[Referring expression grounding data]
Content starts

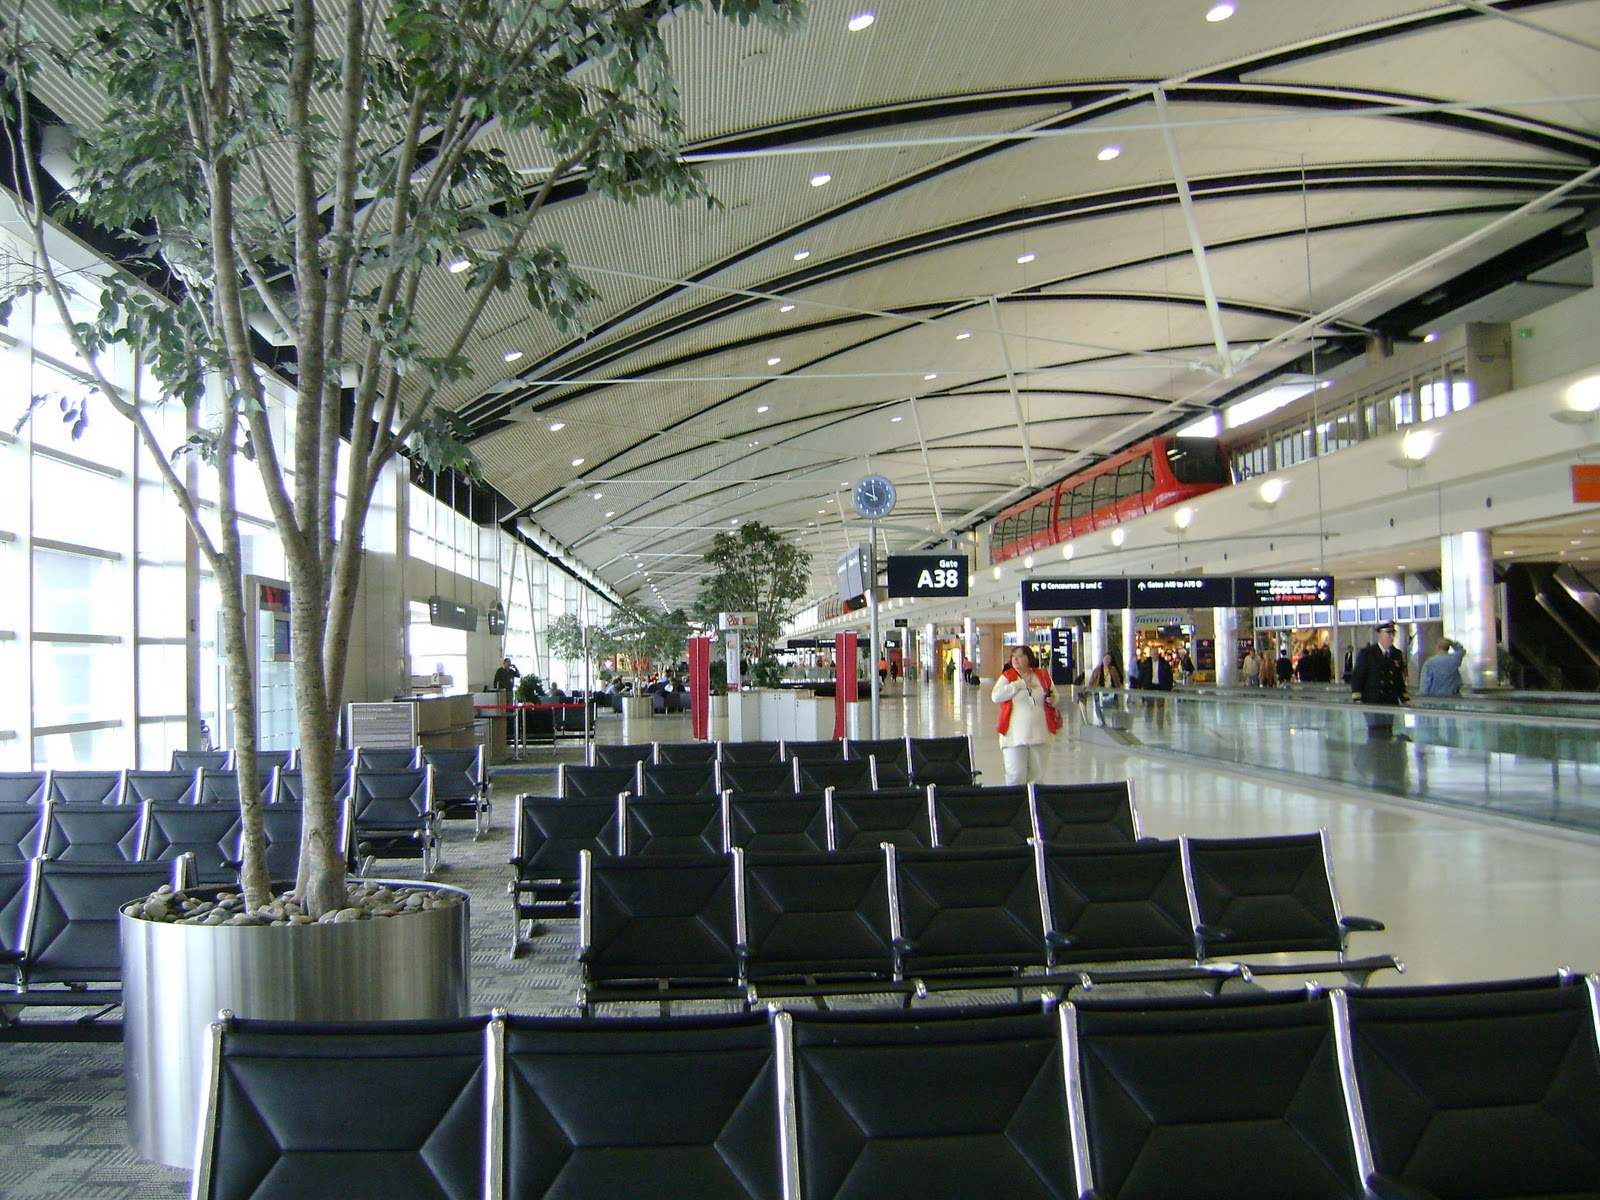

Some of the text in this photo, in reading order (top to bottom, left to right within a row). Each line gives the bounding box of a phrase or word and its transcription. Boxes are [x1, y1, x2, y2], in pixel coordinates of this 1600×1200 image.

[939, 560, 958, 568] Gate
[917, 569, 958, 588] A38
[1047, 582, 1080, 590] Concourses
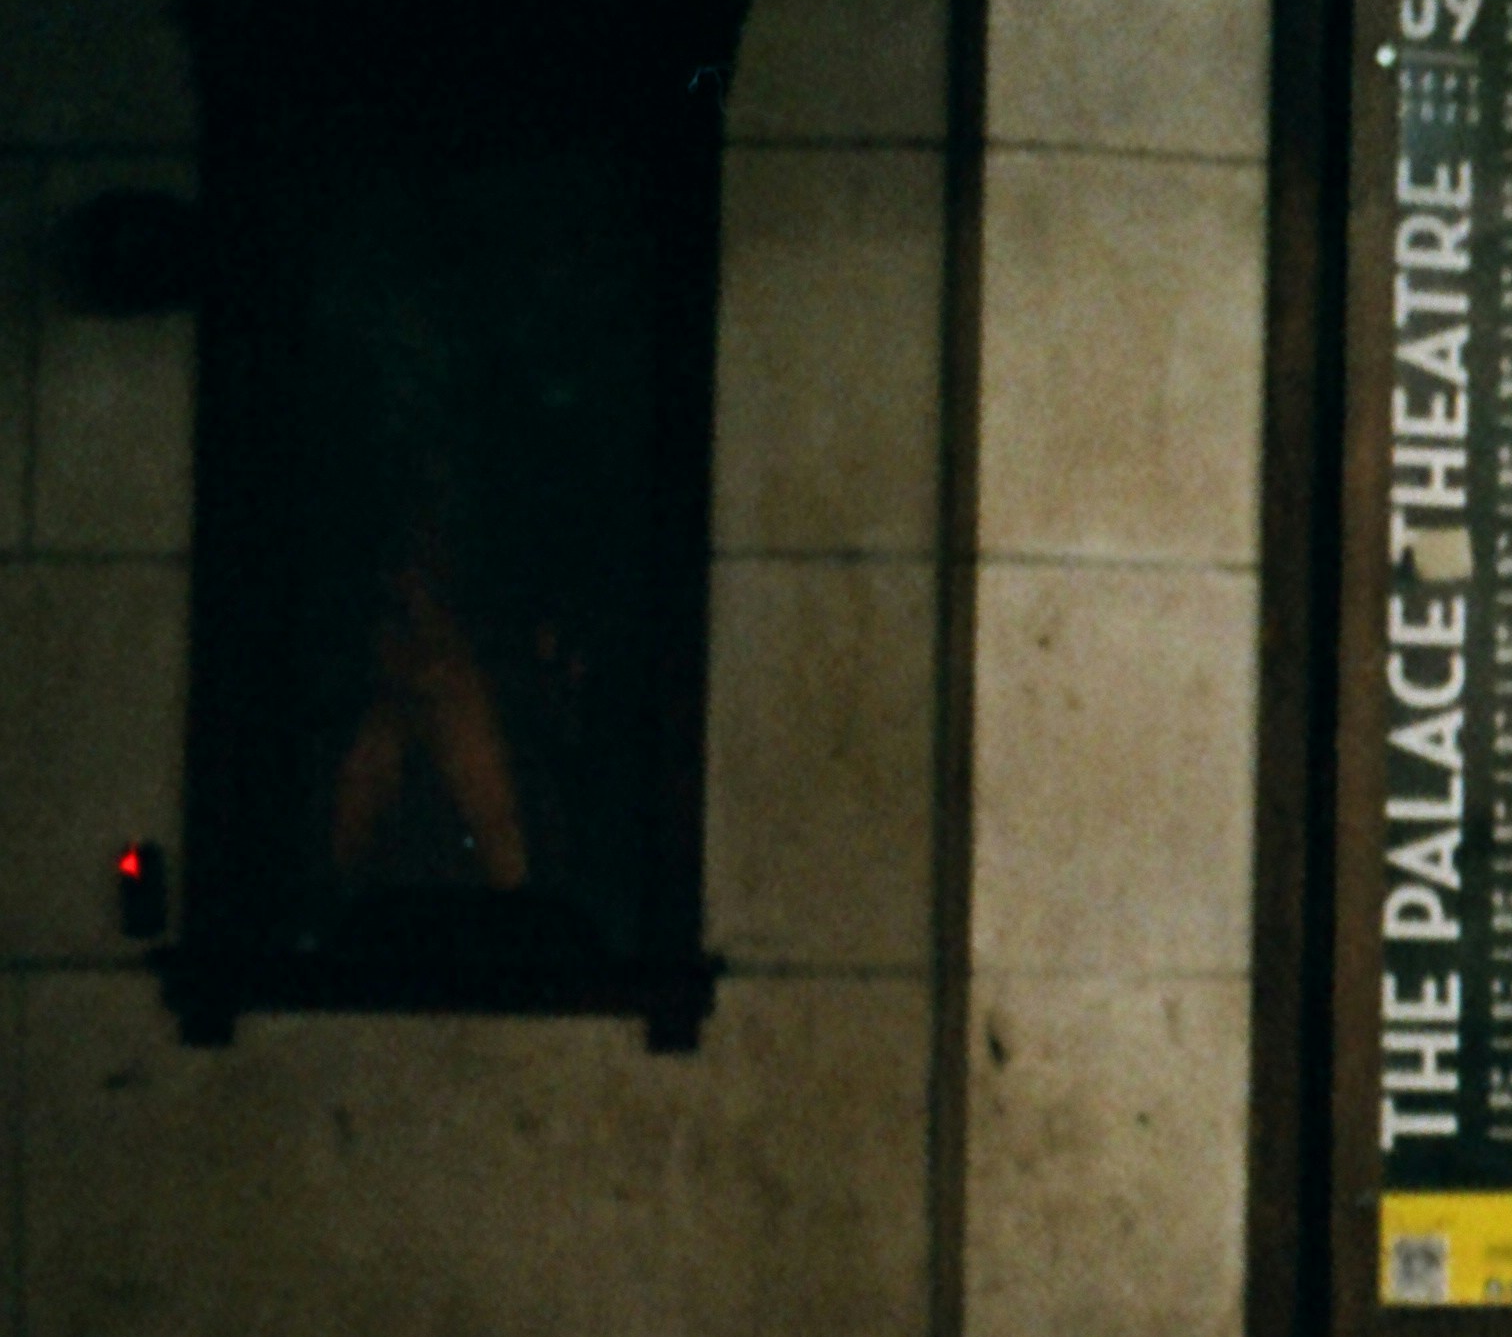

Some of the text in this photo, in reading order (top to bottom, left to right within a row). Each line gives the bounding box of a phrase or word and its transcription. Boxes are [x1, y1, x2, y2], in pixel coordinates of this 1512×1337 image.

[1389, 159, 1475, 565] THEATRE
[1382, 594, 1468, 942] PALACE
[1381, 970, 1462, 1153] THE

Content ends

Instructions for the task: Here the job is to print the data above exactly, except for any pictures.

Solution below:
Some of the text in this photo, in reading order (top to bottom, left to right within a row). Each line gives the bounding box of a phrase or word and its transcription. Boxes are [x1, y1, x2, y2], in pixel coordinates of this 1600×1200 image.

[939, 560, 958, 568] Gate
[917, 569, 958, 588] A38
[1047, 582, 1080, 590] Concourses

Some of the text in this photo, in reading order (top to bottom, left to right within a row). Each line gives the bounding box of a phrase or word and its transcription. Boxes are [x1, y1, x2, y2], in pixel coordinates of this 1512×1337 image.

[1389, 159, 1475, 565] THEATRE
[1382, 594, 1468, 942] PALACE
[1381, 970, 1462, 1153] THE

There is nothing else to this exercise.